A crise energética, acentuada pela instabilidade no Oriente Médio, é o principal motor da preocupação da CNC. Dados da entidade indicam que 90% das construtoras espanholas já sentem o impacto direto no aumento dos custos, com 56% reportando uma desaceleração clara em suas atividades. A situação é considerada crítica, pois os custos energéticos compõem cerca de 30% da estrutura total de gastos do setor.

A CNC argumenta que, sem um ajuste normativo, a exclusão do setor de planos anticrise governamentais pode ser fatal. A entidade ressalta que obras de curta duração, como a manutenção de estradas, são as mais vulneráveis, já que não possuem cláusulas de revisão de preços e enfrentam sobrecustos que atingem até 30% em projetos de reabilitação.

Mecanismos de ajuste e risco de licitações vazias

A falha em alinhar os contratos públicos aos preços de mercado gera um efeito cascata no setor. A patronal alerta que a rigidez atual dos contratos resulta frequentemente em licitações desertas ou na necessidade de abandono de obras já iniciadas. Quando o preço contratado não cobre os insumos, o equilíbrio econômico do projeto é rompido, tornando impossível para as construtoras manterem o ritmo ou a qualidade prometida.

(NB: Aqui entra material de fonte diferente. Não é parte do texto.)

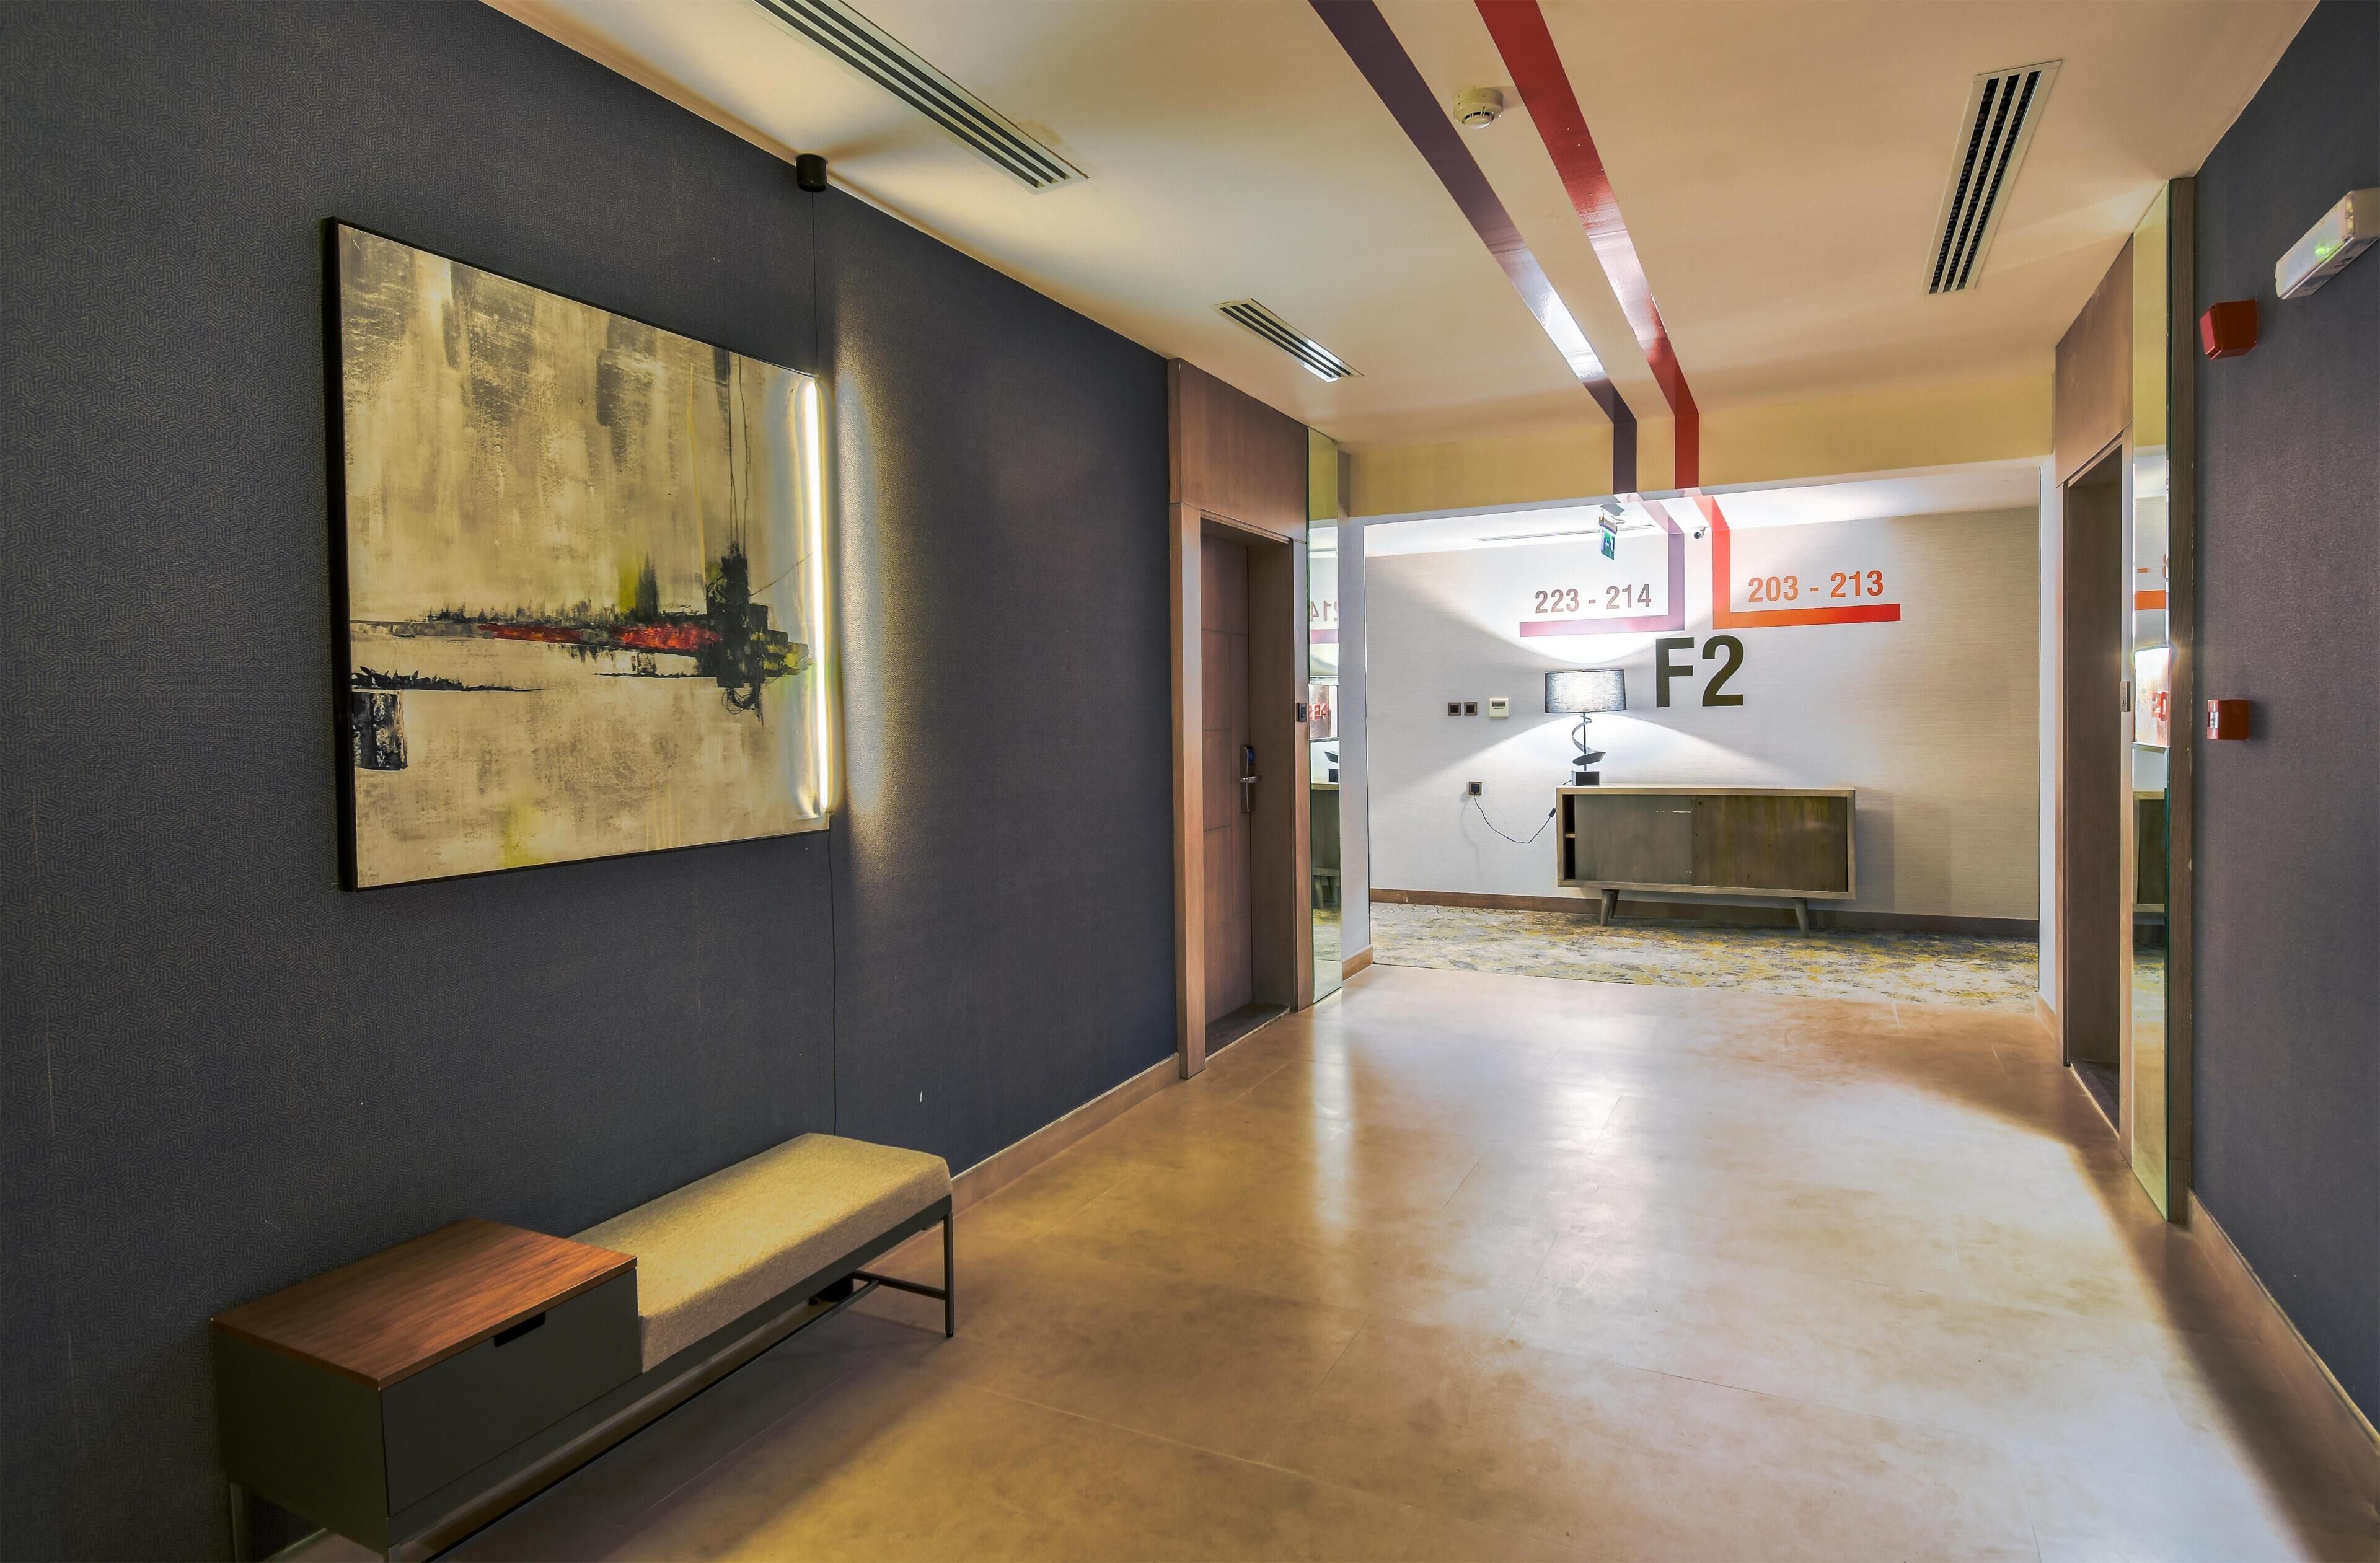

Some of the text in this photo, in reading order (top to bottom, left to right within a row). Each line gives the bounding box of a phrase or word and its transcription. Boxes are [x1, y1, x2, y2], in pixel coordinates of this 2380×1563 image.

A proposta da CNC é que o Ministério da Fazenda impulsione as mudanças necessárias antes de 30 de junho, data em que expiram as medidas vigentes. O setor defende que a revisão de preços deve ser encarada como uma medida essencial para proteger o emprego, visto que 22% das empresas já admitem possíveis cortes na força de trabalho caso a escalada de custos persista.

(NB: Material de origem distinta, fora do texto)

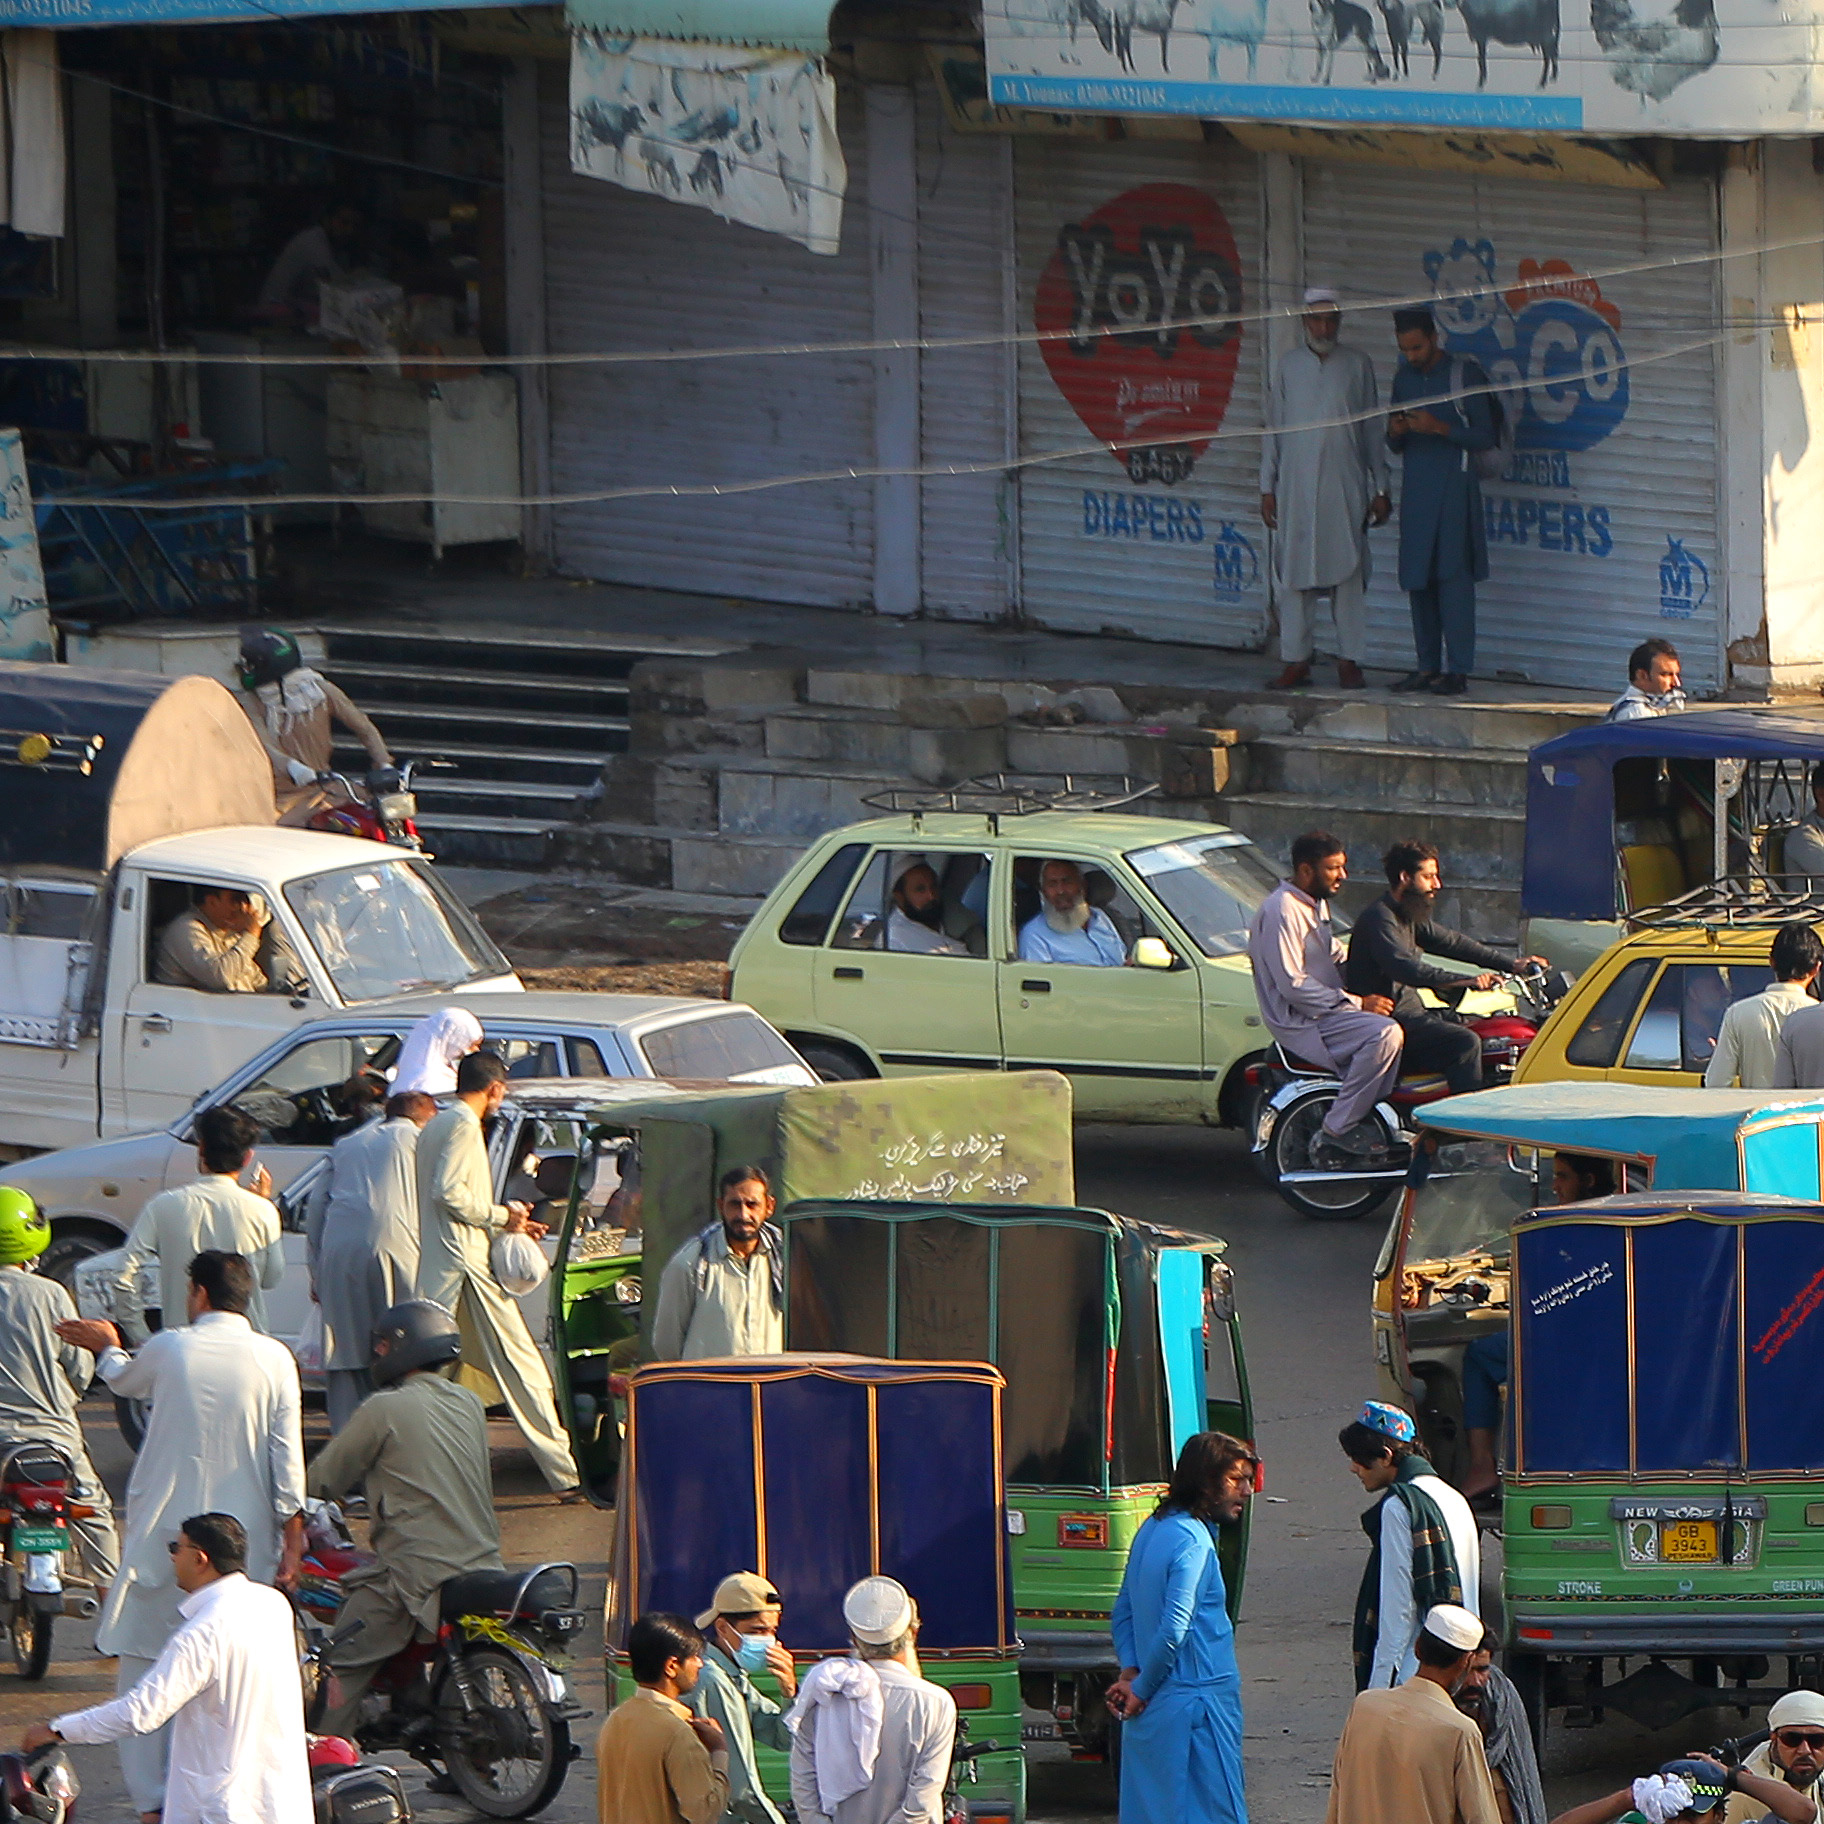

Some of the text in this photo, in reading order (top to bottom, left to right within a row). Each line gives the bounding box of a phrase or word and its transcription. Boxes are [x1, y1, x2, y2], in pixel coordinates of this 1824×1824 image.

[1083, 489, 1205, 544] DIAPERS
[1624, 1507, 1659, 1518] NEW
[1678, 1524, 1700, 1539] GB
[1671, 1539, 1708, 1553] 3943
[1558, 1581, 1602, 1594] STROKE
[1772, 1579, 1804, 1593] GREEN

Tensões na infraestrutura e stakeholders

O impasse afeta não apenas as construtoras, mas também o cronograma de infraestrutura nacional e a habitação. Reguladores e gestores públicos enfrentam a pressão de equilibrar o orçamento fiscal com a necessidade de manter a execução das obras prometidas. Para o mercado, a incerteza cria um ambiente de cautela que inibe novos investimentos e encarece o custo do capital para as empresas do setor.

O paralelo com o ecossistema brasileiro é imediato, onde a volatilidade de insumos e a rigidez de contratos públicos também representam desafios históricos. A discussão espanhola reflete a dificuldade global de manter a execução de grandes projetos de engenharia em contextos de inflação persistente e choques externos de oferta.

Outlook e incertezas

A eficácia das futuras iniciativas de apoio econômico dependerá da capacidade do governo em negociar com a patronal. A expectativa do setor é que o próximo pacote de medidas incorpore soluções que deem resposta direta à realidade inflacionária, evitando que a infraestrutura nacional se torne a principal vítima do desequilíbrio financeiro.

O que resta observar é se a pressão da CNC será suficiente para alterar a postura do governo ou se a rigidez normativa prevalecerá, forçando uma renegociação individualizada e lenta de cada contrato público. A estabilidade das operações de reabilitação de estradas no verão europeu servirá como um termômetro imediato para a eficácia das medidas adotadas.